Sana bir teklifim var

393 79 20
                                    

Bir süre yurt odasının beyaz tavanına bakıp düşüncelere dalmış olan Hoseok oda arkadaşının gelmesini bekliyordu. Sonunda tahta kapı kilidinin açılma kapının gıcırdama sesini duyduğunda yataktan zıpladı ve dairelerinin orasındaki ortak alana doğru hızlı adımlarla ilerleri.

"Namjoon-ah? Geldin mi?" Hoseok en yakın arkadaşlarından biri olan ve onunla aynı üniversitenin müzik bölümünde okuyan arkadaşına seslendi. "Hayır gelmedim. Hala rüya görüyorsun." dedi ilk olarak Hosoek'a aptal mısın bakışları atıp çantalarını koltuğun üzerine fırlatırken. "Sana bir şey sormalıyım." dedi Hoseok Namjoon'un laf sokmalarını görmezden gelerek.

"Hmm?" diye mırıldandı Namjoon sözlü cevap vermeye gerek duymayarak.

"Hyung Müzik departmanından Min Yoongi isminde birini tanıyor olma ihtimalin var mı?" sorusunun cevabını beklerken kısa bir an için düşünceli bir ifadeye bürünen Namjoon hatırlayamamış gibi başını iki yana salladı "Neye benziyor?"

"Kısa, beyaz tenli, siyah saçlı ve biraz kediye benziyor?" sözleri karşısında Namjoon'un ilk tepkisi gülmek olmuştu. "Bu işe yarar betimleme için çok teşekkürler Hoseok-ah." Sonrasında biraz ciddileşip düşünceli bir şekilde kafasını kaşıdı. Bunu ne zaman bir şey hatırlamaya çalışsa yapardı ve Hosoek ona düşünmesi için zaman verdi.

"Sanırım kimden bahsettiğini biliyorum. Sessiz ve yalnız takılan bir tip mi?" Hoseok buna ne cevap verse bilememişti, Yoongi'yi pek tanıdığı söylenemezdi sonuçta. Yine de ilk bakışta sevgi yumağına benzemediği de bir gerçekti. Bu nedenle soruya sadece omuz silkmekle yetindi. "Sanırım? Emin değilim." kısa bir duraksamadan sonra asıl sormak istediği sorulara geçti.

"İyi mi?"

"Kim olduğunu bile bilmiyorken bunu nasıl bilmemi bekliyorsun?" derken ki sorgulayıcı tınısı sesine yansımıştı.
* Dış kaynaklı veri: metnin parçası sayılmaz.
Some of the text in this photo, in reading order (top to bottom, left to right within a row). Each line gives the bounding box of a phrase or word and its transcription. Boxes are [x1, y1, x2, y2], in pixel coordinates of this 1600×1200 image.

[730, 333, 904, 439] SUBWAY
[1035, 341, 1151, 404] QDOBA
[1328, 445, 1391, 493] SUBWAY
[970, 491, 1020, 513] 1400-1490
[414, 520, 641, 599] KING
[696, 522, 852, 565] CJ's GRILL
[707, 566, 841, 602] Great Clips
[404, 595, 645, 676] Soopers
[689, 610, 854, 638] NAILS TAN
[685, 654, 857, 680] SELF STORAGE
"Aynı dersleri alıyorsunuz. Nasıl hiçbir fikrin olmaz? Her akşam müzik öğrencilerinin ne kadar yeteneksiz olduklarından yakınıp durduğuna göre onun hakkında da bir şeyler biliyor olmalısın. Nasıl bu konuda hiçbir fikrin olmaz ki?" Namjoon ellerini suçsuzmuş gibi havaya kaldırdı. " Demek ki sınıfta hiç parçalarını çalmıyor ve kendini göstermiyor. Kendi soruna kendin cevap vermiş oldun." Arkadaşının ne demek istediğini anlayamamış olan Hoseok tek kaşını havaya kaldırdı.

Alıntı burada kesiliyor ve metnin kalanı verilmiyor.